In the login form when the user login’s with a plain password, do we encrypt and send it? if so what is the encyption standard that we should use?
In the mobile(IOS and Android), what encryption standard’s they should use in the REST Api? (Im using yii2 REST API framework)
Thanks bis. The password is stored in the server using bcrypt and not in plain text. My question was whether we should be using the same bcrypt in the view form to encrypt the password and also in mobile?
And in Yii2 the password is hashed using a random generated number as salt and if we use the same encyption in mobile we have to change the encryption login in the web site to use a fixed salt. Just wanted to know what the standard is? (assuming we use HTTPS)
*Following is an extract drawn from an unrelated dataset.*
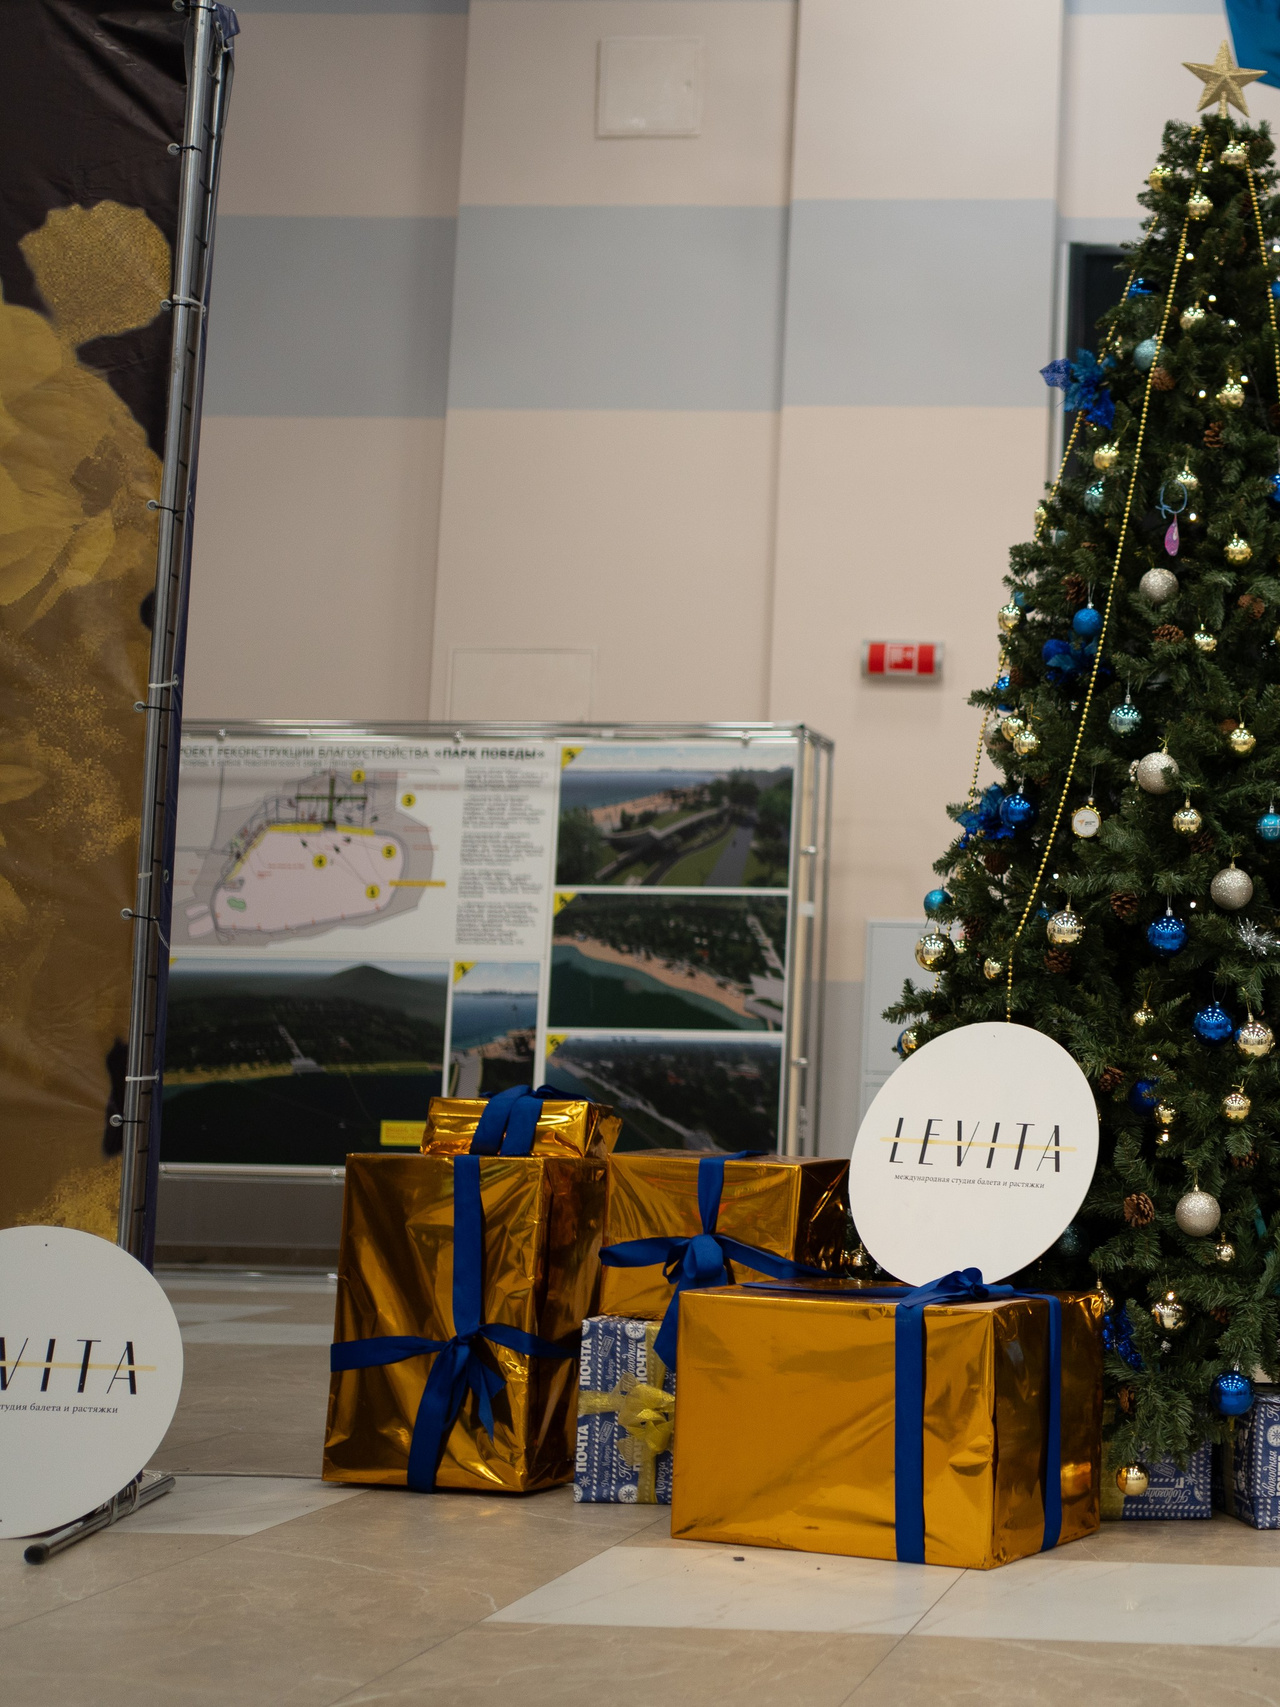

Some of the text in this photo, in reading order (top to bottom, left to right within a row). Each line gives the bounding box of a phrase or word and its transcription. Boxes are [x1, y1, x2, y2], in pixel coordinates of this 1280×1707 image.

Then you would make the bcrypt hash a common secret. Not a good idea.
Why would you have to or even want to use a fixed salt? The dynamic salt should be unique to a hashed password, thus making attacks via rainbow tables unfeasible. Yii 2 (and Yii 1.1 since v1.1.14 as well) are implementing bcrypt correctly, which is a widely acknowledges standard. If you want something more secure, look out for scrypt.
For your innitial problem: You’ll have to transmit the users password unencrypted but over a secure channel at least once, so your app can store it via bcrypt. The only alternative were a solution involving SSL client certificates. Either way, ensure your webserver is properly configured for HTTPS. This online test should help you with that.
No, the idea is you send some hash (nothing sophisticated, just something that could not be easily cracked with md5/sha1 dictionaries) from signup/signin form (just to be sure that user’s precious master password won’t leak even if you say goodbye to SSL when you’re on a tight budget) and then cook it with salted bcrypt on the server side.